Your task is to repeat the data exactly, every line of it.

*** Data section Section Begins ***

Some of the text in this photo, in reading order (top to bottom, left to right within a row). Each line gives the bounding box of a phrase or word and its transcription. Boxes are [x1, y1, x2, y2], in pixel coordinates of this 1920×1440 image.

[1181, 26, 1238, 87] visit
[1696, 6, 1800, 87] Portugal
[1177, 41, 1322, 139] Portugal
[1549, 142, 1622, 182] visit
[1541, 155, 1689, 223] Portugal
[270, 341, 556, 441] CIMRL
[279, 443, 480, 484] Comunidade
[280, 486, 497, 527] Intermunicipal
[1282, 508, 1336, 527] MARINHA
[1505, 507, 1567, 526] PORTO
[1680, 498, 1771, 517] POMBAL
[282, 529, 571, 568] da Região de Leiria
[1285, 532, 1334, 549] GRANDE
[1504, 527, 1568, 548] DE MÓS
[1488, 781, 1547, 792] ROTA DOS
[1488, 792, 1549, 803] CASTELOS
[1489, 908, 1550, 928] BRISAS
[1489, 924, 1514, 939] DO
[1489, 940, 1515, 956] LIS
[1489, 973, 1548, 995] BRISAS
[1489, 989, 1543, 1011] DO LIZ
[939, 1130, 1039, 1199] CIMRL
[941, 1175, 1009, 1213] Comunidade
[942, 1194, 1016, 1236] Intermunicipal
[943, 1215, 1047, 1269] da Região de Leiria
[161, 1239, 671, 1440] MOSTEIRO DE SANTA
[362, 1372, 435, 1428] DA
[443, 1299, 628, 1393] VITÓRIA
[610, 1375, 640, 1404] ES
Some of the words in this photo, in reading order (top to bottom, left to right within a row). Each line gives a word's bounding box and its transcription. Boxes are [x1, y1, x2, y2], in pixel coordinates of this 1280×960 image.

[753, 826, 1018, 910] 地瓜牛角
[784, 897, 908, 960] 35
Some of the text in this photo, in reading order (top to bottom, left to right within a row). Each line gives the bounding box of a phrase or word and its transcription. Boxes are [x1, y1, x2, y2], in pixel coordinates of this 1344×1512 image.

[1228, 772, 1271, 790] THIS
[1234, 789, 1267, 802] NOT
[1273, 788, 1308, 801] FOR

*** Data section Section Ends ***

Reply:
Some of the text in this photo, in reading order (top to bottom, left to right within a row). Each line gives the bounding box of a phrase or word and its transcription. Boxes are [x1, y1, x2, y2], in pixel coordinates of this 1920×1440 image.

[1181, 26, 1238, 87] visit
[1696, 6, 1800, 87] Portugal
[1177, 41, 1322, 139] Portugal
[1549, 142, 1622, 182] visit
[1541, 155, 1689, 223] Portugal
[270, 341, 556, 441] CIMRL
[279, 443, 480, 484] Comunidade
[280, 486, 497, 527] Intermunicipal
[1282, 508, 1336, 527] MARINHA
[1505, 507, 1567, 526] PORTO
[1680, 498, 1771, 517] POMBAL
[282, 529, 571, 568] da Região de Leiria
[1285, 532, 1334, 549] GRANDE
[1504, 527, 1568, 548] DE MÓS
[1488, 781, 1547, 792] ROTA DOS
[1488, 792, 1549, 803] CASTELOS
[1489, 908, 1550, 928] BRISAS
[1489, 924, 1514, 939] DO
[1489, 940, 1515, 956] LIS
[1489, 973, 1548, 995] BRISAS
[1489, 989, 1543, 1011] DO LIZ
[939, 1130, 1039, 1199] CIMRL
[941, 1175, 1009, 1213] Comunidade
[942, 1194, 1016, 1236] Intermunicipal
[943, 1215, 1047, 1269] da Região de Leiria
[161, 1239, 671, 1440] MOSTEIRO DE SANTA
[362, 1372, 435, 1428] DA
[443, 1299, 628, 1393] VITÓRIA
[610, 1375, 640, 1404] ES
Some of the words in this photo, in reading order (top to bottom, left to right within a row). Each line gives a word's bounding box and its transcription. Boxes are [x1, y1, x2, y2], in pixel coordinates of this 1280×960 image.

[753, 826, 1018, 910] 地瓜牛角
[784, 897, 908, 960] 35
Some of the text in this photo, in reading order (top to bottom, left to right within a row). Each line gives the bounding box of a phrase or word and its transcription. Boxes are [x1, y1, x2, y2], in pixel coordinates of this 1344×1512 image.

[1228, 772, 1271, 790] THIS
[1234, 789, 1267, 802] NOT
[1273, 788, 1308, 801] FOR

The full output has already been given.